TASK TO COMPLETE
Could you transcribe every record below exactly, leaving out any pictures?

THE DATA
------------

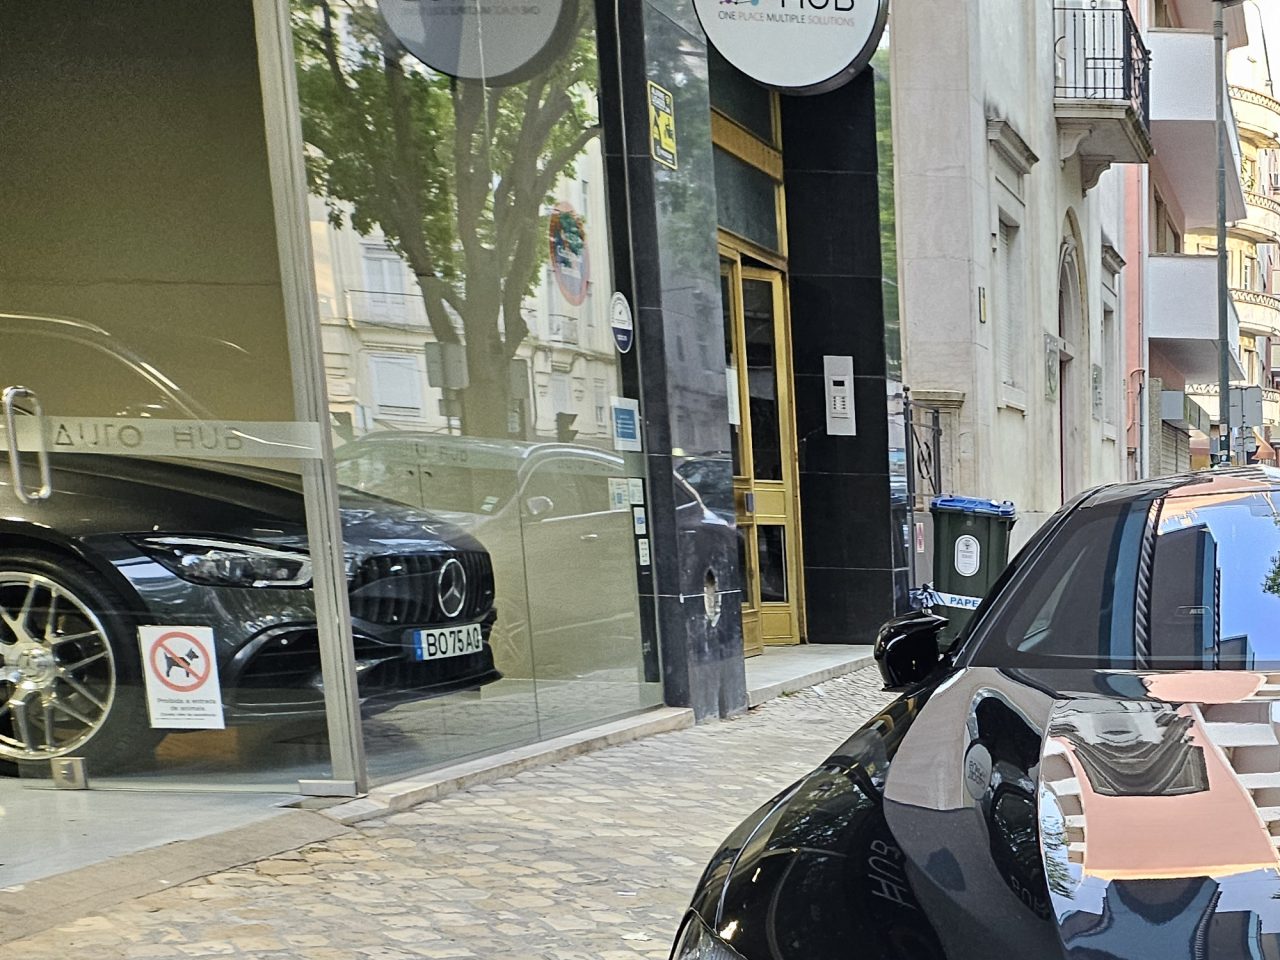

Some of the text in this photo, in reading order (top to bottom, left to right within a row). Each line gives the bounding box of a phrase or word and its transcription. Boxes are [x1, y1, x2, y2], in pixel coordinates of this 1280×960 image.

[718, 11, 856, 27] ONE PLACE MULTIPLE SOLUTIONS
[950, 596, 979, 608] PAPE
[449, 629, 465, 653] 75
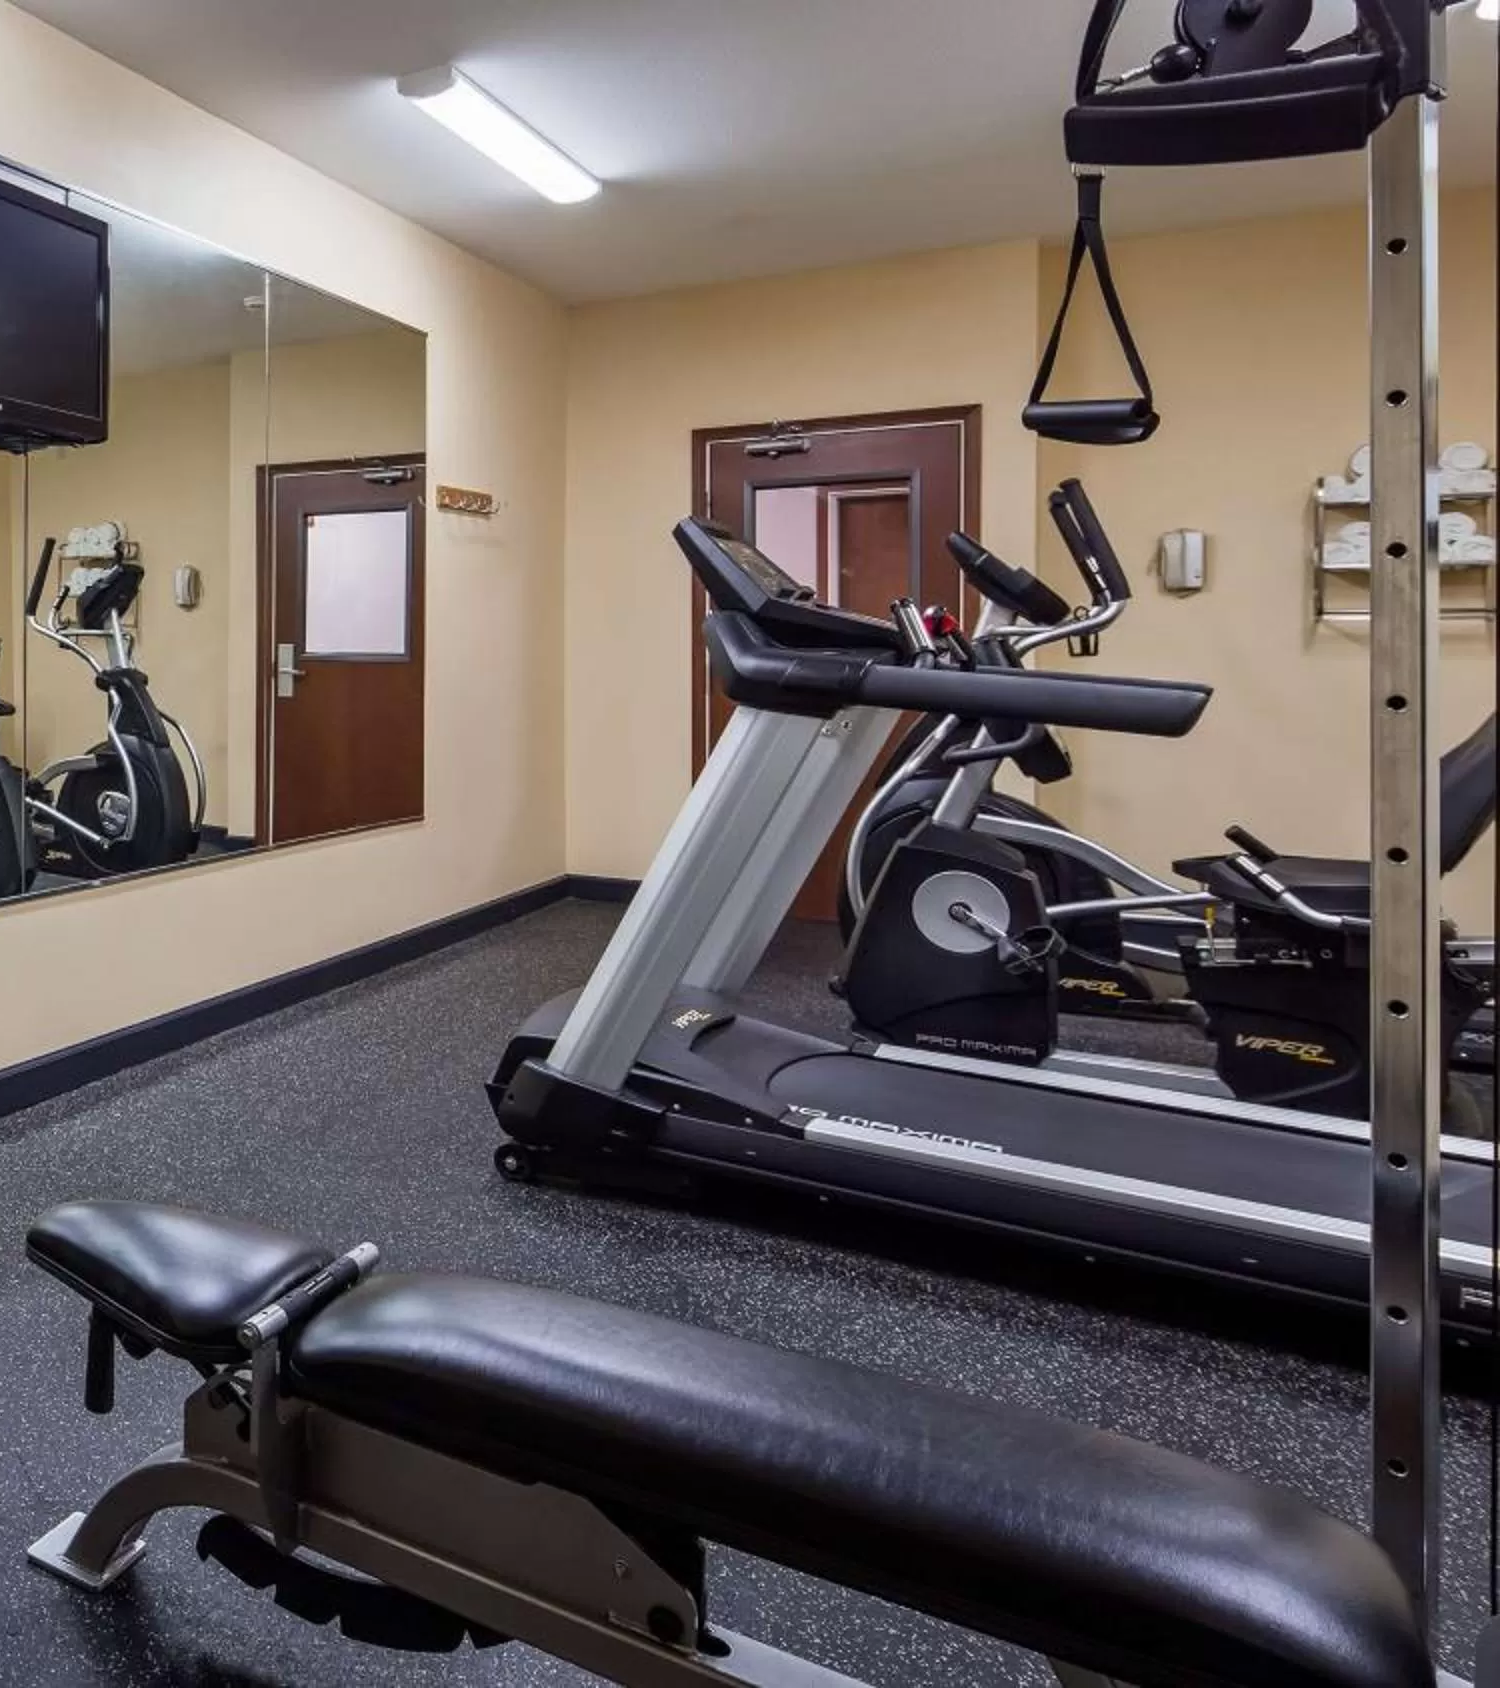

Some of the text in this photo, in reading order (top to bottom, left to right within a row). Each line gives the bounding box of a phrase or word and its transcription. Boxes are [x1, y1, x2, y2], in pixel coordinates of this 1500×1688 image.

[916, 1033, 1037, 1057] PRO MAXIMA
[1236, 1034, 1325, 1058] VIPER

------------

TASK RESULT
Some of the text in this photo, in reading order (top to bottom, left to right within a row). Each line gives the bounding box of a phrase or word and its transcription. Boxes are [x1, y1, x2, y2], in pixel coordinates of this 1280×960 image.

[718, 11, 856, 27] ONE PLACE MULTIPLE SOLUTIONS
[950, 596, 979, 608] PAPE
[449, 629, 465, 653] 75

Some of the text in this photo, in reading order (top to bottom, left to right within a row). Each line gives the bounding box of a phrase or word and its transcription. Boxes are [x1, y1, x2, y2], in pixel coordinates of this 1500×1688 image.

[916, 1033, 1037, 1057] PRO MAXIMA
[1236, 1034, 1325, 1058] VIPER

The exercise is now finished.